# Assessing model fit

## Quantifying model fit

#### Coefficient of determination (R-squared)

The coefficient of determination is a measure of how well a linear regression line fits the observed values. Is definded as the proportion of the variance in the response variable that is predictable from the explanatory variable.

For simple linear regression, the interpretation of the coefficient of determination is simply **the correlation between the explanatory and response variable, squared**.

It takes values from 0 to 1. 
* An coefficient of determination equal to 0 implies a useless model.
* An coefficient of determination equal to 1 corresponds to a perfect model.

#### Residual standard error (RSE)

Residual standard error ($\text{RSE}$) is a measure of the typical size of the residuals. Equivalently, it's a measure of how wrong you can expect predictions to be.
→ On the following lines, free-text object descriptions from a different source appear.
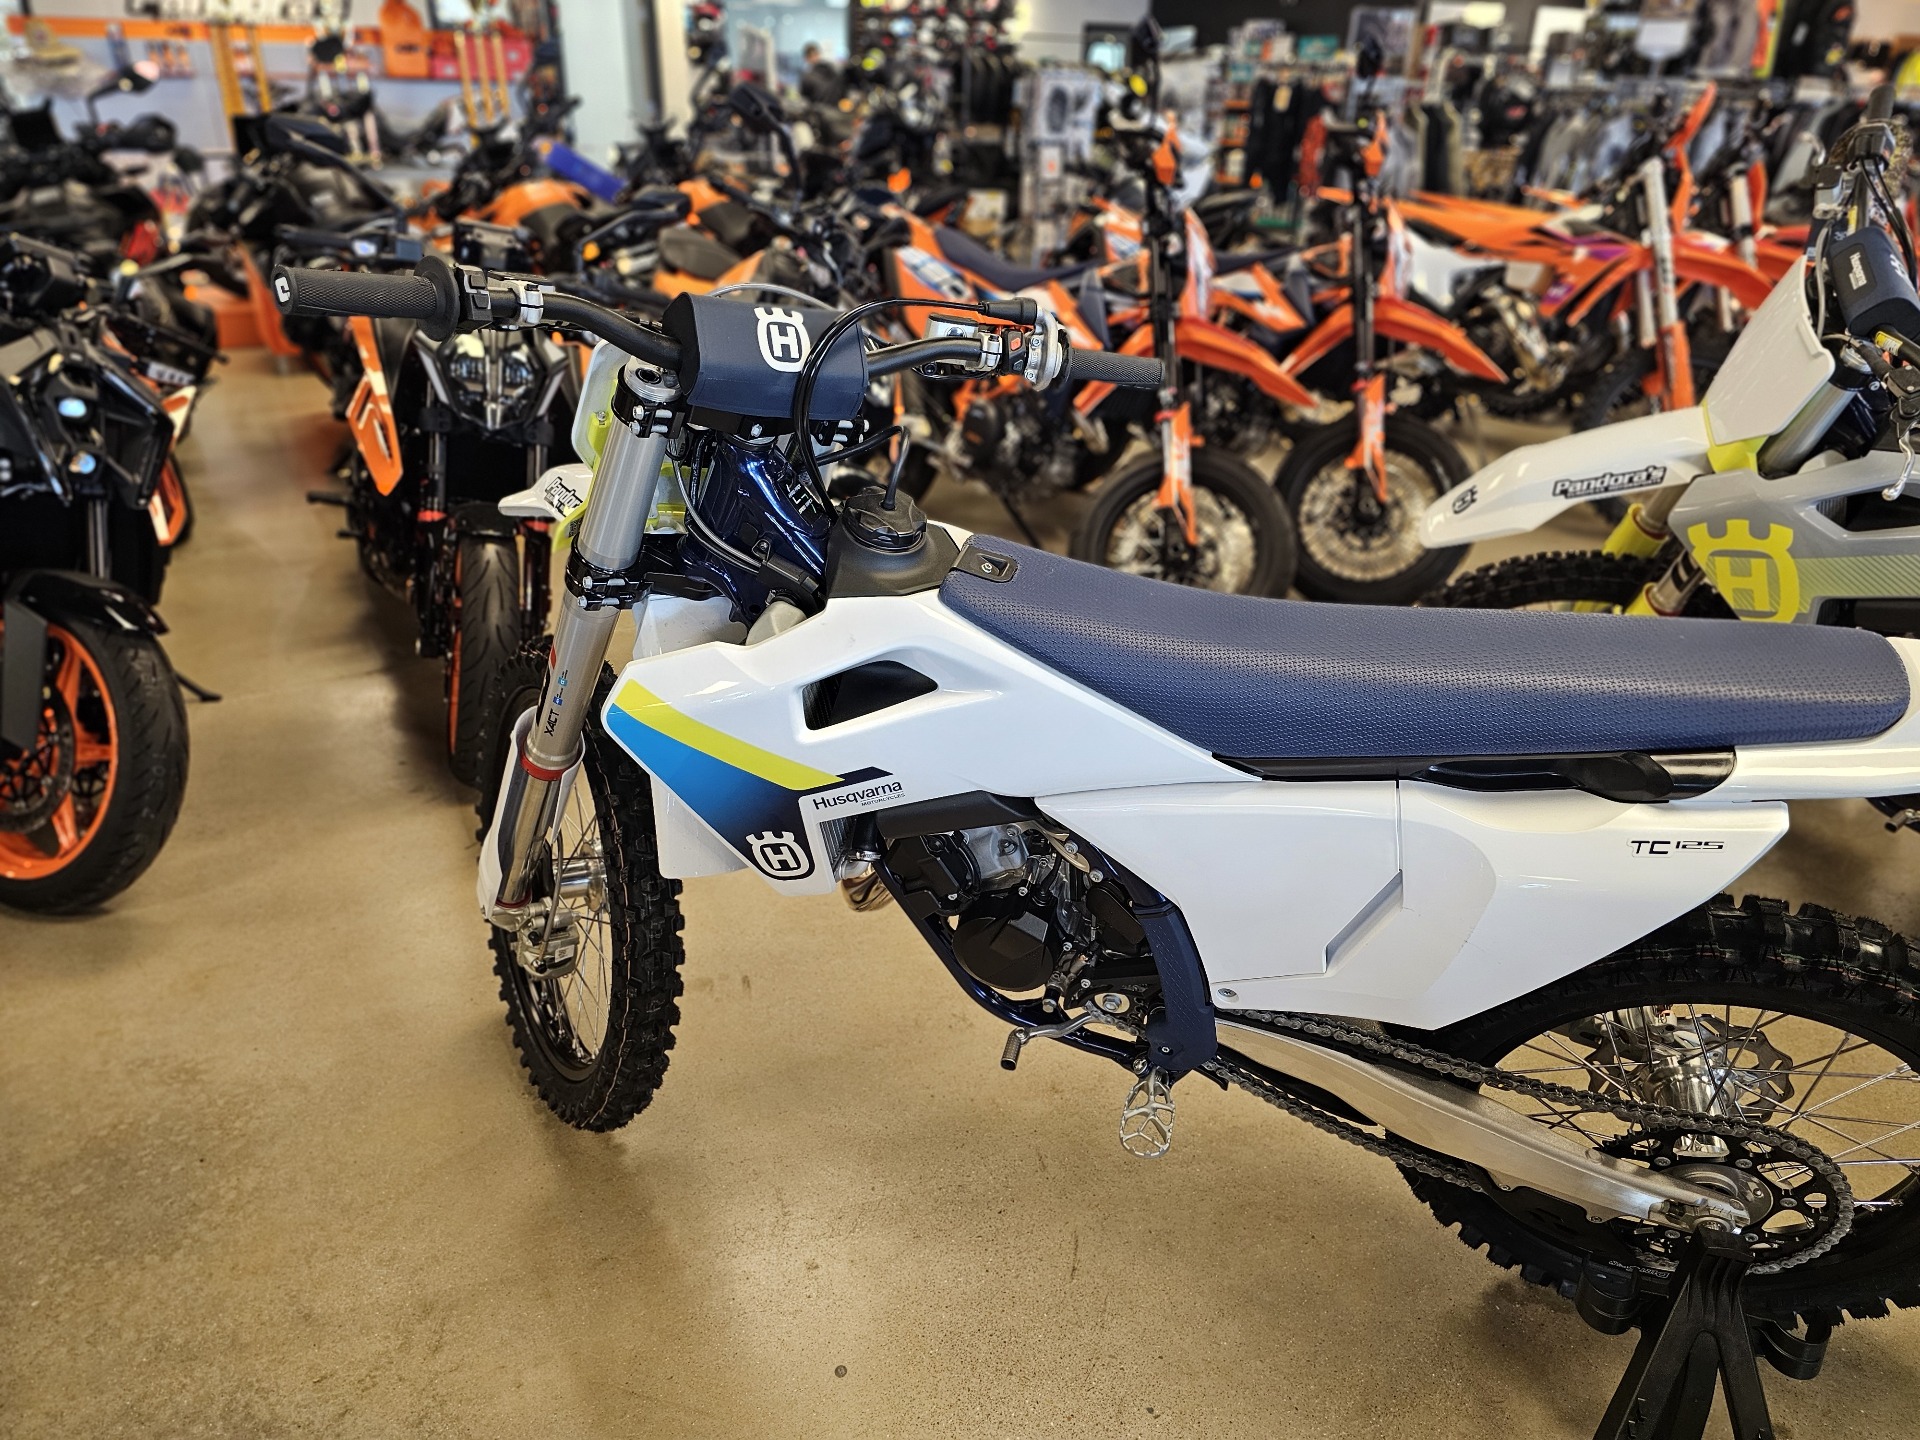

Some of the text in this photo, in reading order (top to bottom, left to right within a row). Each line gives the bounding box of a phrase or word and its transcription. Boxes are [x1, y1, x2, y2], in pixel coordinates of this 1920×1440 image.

[546, 477, 582, 509] Pandor
[544, 708, 560, 737] XACT
[813, 781, 903, 810] Husqvarna
[1630, 840, 1725, 855] TC 125
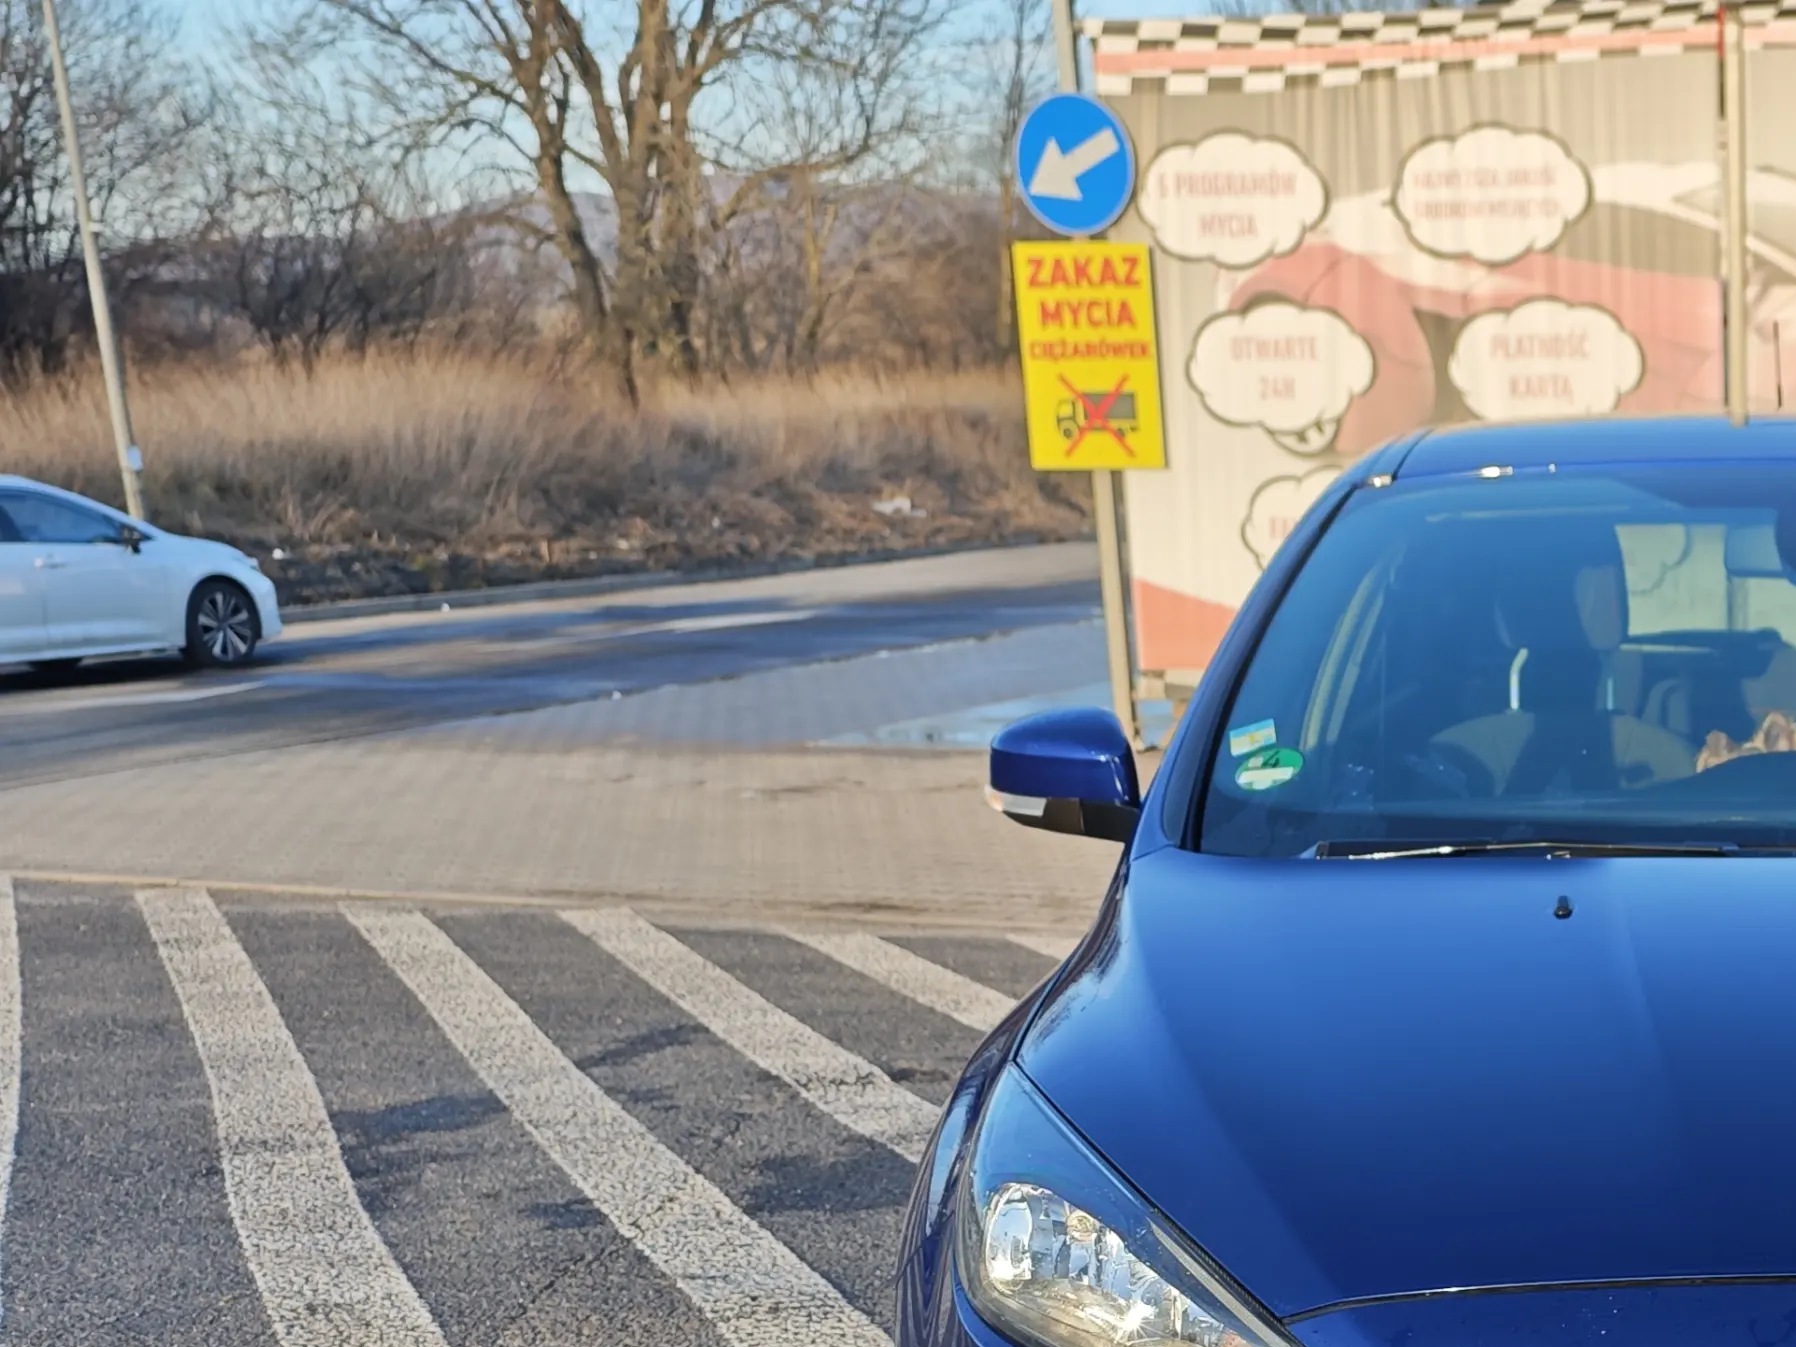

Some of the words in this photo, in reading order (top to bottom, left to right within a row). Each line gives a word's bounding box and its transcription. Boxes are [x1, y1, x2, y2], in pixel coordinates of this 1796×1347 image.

[1199, 212, 1258, 238] MYCIA
[1027, 256, 1141, 288] ZAKAZ
[1039, 299, 1137, 330] MYCIA
[1230, 335, 1319, 361] OTWARTE
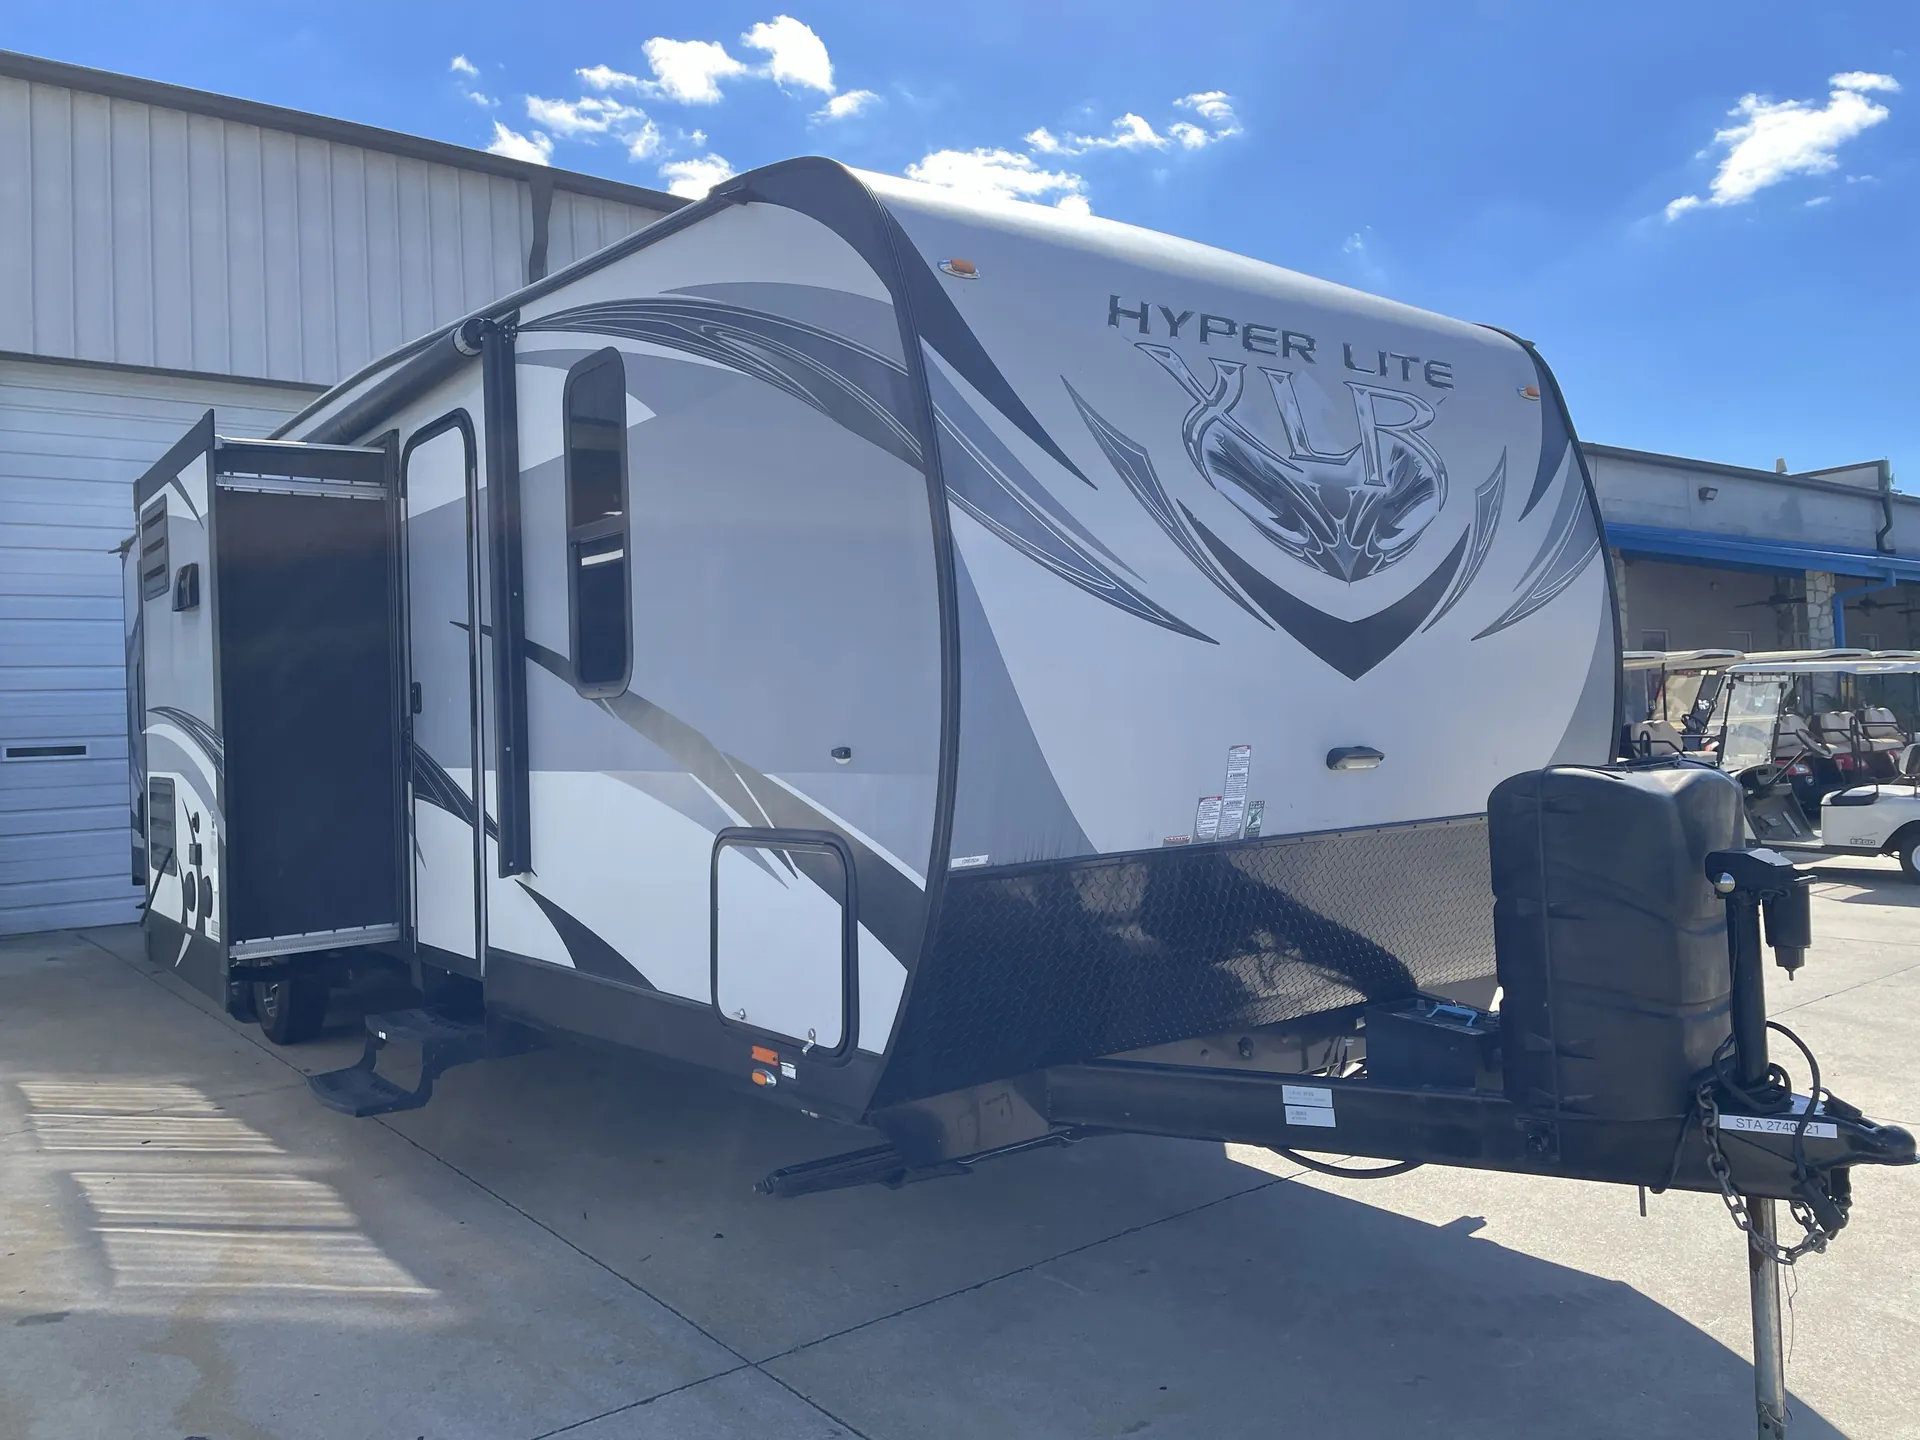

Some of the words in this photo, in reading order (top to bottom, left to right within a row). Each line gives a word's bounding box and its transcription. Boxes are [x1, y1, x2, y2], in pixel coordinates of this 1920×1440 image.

[1107, 294, 1317, 365] HYPER
[1342, 341, 1455, 390] LITE
[1133, 342, 1449, 513] XLR
[1736, 1117, 1763, 1130] STA
[1766, 1120, 1820, 1135] 274021
$\displaystyle{\text{RSE} = \sqrt{\frac{1}{\eta}\sum_{i=1}^{n}(y_i - \bar{y}_i)^2}}$ , 

where $\bar{y}_i^2$ and $y_i$ are the predicted and real value, respectively,

and $\eta$ is the number of degrees of freedom: the number of observations minus the number of model coefficients. 



The $\text{RSE}$ has the same units as the response variable.

#### Mean squared error (MSE)

Is another metric of accuracy of a linear regression model. In terms of the $\text{RSE}$ is defined as

$\displaystyle{\text{MSE} = \text{RSE}^2}$,

$\displaystyle{\text{MSE} = \frac{1}{\eta}\sum_{i=1}^{n}(y_i - \bar{y}_i)^2}$.

#### Root-mean-square error (RMSE)

Is a metric similar to $\text{RSE}$, but you use the number of observations $n$ instead of $\eta$.

If you want to compare the accuracy of different models, generally you should use the $\text{RSE}$ of them.

$\displaystyle{\text{RMSE} = \sqrt{\frac{1}{n}\sum_{i=1}^{n}(y_i - \bar{y}_i)^2}}$.

## Visualizing the model fit

#### Residuals vs. fitted values

If a linear regression model is good fit, then the residuals are approximately normally distributed, with mean zero. 

This graph is useful to identifying whether the residual values tend to grow or decrease as the fitted values increase. If our model is good, the residual values must be all around zero and should not have a tendecy to increase or decrease.

#### Q-Q plot

This kind of graph shows how well our residuals fit a normal distribution. If they do, our data points must be near to a straight line with a slope of $0.5$ and with intercept $0$.

On the x-axis the points correspond to quantiles from the normal distribution. On the y-axis the points correspond to the quantiles derived from you dataset.

#### Scale-location plot

This plot shows the square root of the standarized residuals versus the fitted values. It is useful to identifying wether the residuals sizes are randomly distributed as the fitted values increases. That is the expected behavior is the data fits to a linear regression model.

## Outliers, leverage and influence

#### Outliers

Once we have created a linear model for out dataset, there are two ways to identify outliers within it:

* Find **extreme values** for the **explanatory variable**.
* Find the **points far away** from the **model line**.    

#### Leverage

Leverage measures **how unusual or extreme the explanatory variables are** for each observation **High leverage** means that the explanatory variable has **values that are different** from other points in the dataset. 

In the case of **simple linear regression**, where there is only one explanatory value, this typically means values with a very **high or very low explanatory value**.

#### Influence

Influence measures **how much a model would change if each observation was left out of the model** calculations, one at a time. That is, it measures how different the prediction line would look if you would run a linear regression on all data points except that point, compared to running a linear regression on the whole dataset. 

The **standard metric for influence** is **Cook's distance**, which calculates influence **based on the residual size and the leverage of the point**.

<!-- Influence measures how much a model would change if each observation was left out of the model calculations, one at a time. That is, it measures how different the prediction line would look if you would run a linear regression on all data points except that point, compared to running a linear regression on the whole dataset. It depends on the value of the data and its leverage. -->